The adoption of such a scheme might even allow Britain to leave the Pacific’s naval defence to the dominions: ‘We manage the job in Europe. They’ll manage it against the Yankees, Japs, and Chinese, as occasion requires out there.’ Prime Minister Fisher was not a supporter of the dreadnought offer, declaring it not naval policy, but merely ‘a spectacular display’, and one that would do nothing to encourage the interest of Australia’s youth. Fisher’s hold on power was nevertheless tenuous and, assisted by the confusion over the naval issue, Alfred Deakin replaced him in June 1909.

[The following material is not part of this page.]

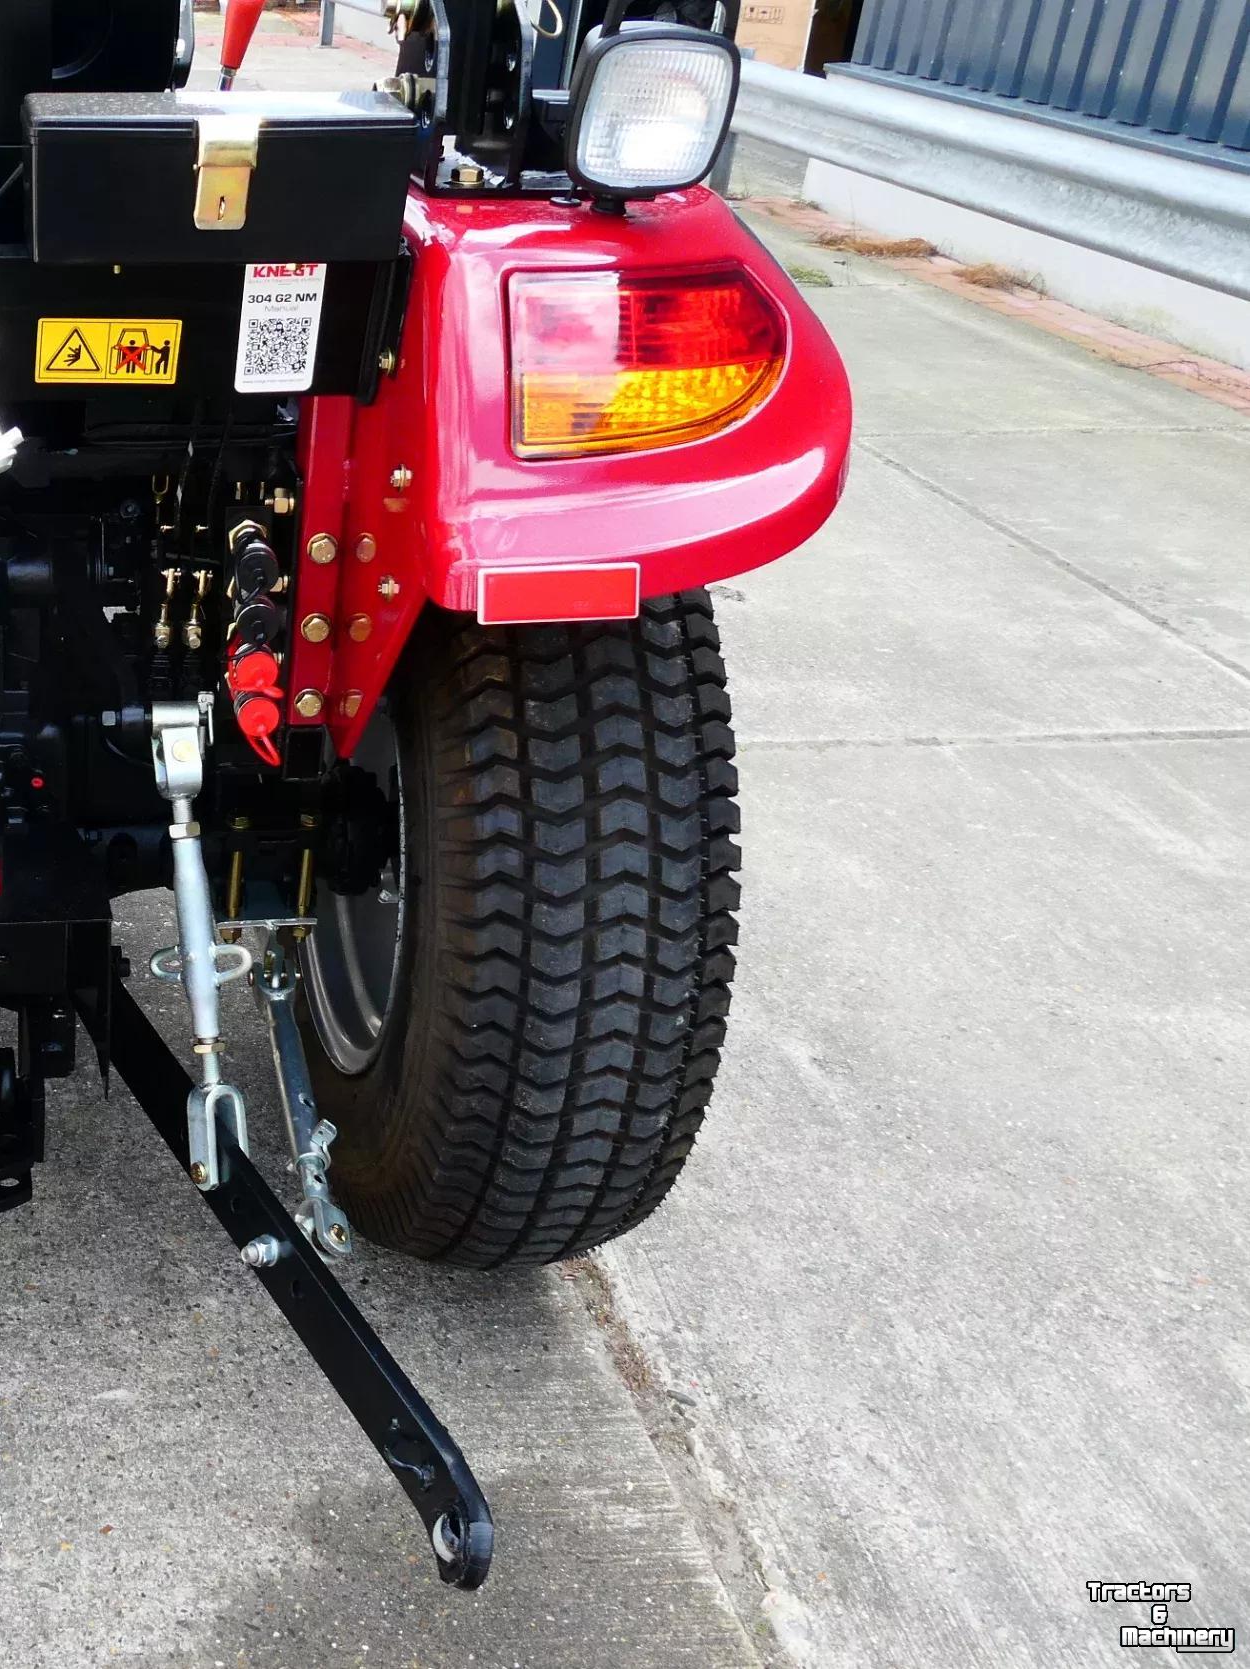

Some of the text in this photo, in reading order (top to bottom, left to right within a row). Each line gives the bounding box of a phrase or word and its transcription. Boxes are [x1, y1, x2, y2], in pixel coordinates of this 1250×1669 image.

Deakin had previously served as Prime Minister and had long been in correspondence with Admiral Fisher. His ideas for an Australian navy had thus far been based on the acquisition of a flotilla of torpedo boats and submarines, with the officers and men fully interchangeable with Imperial seamen. Yet this implied that Australians would serve in Royal Navy ships merely for the term of an ordinary commission on the Australian Station. The long-term impracticality of such an approach had done little to endear Deakin to the Admiralty.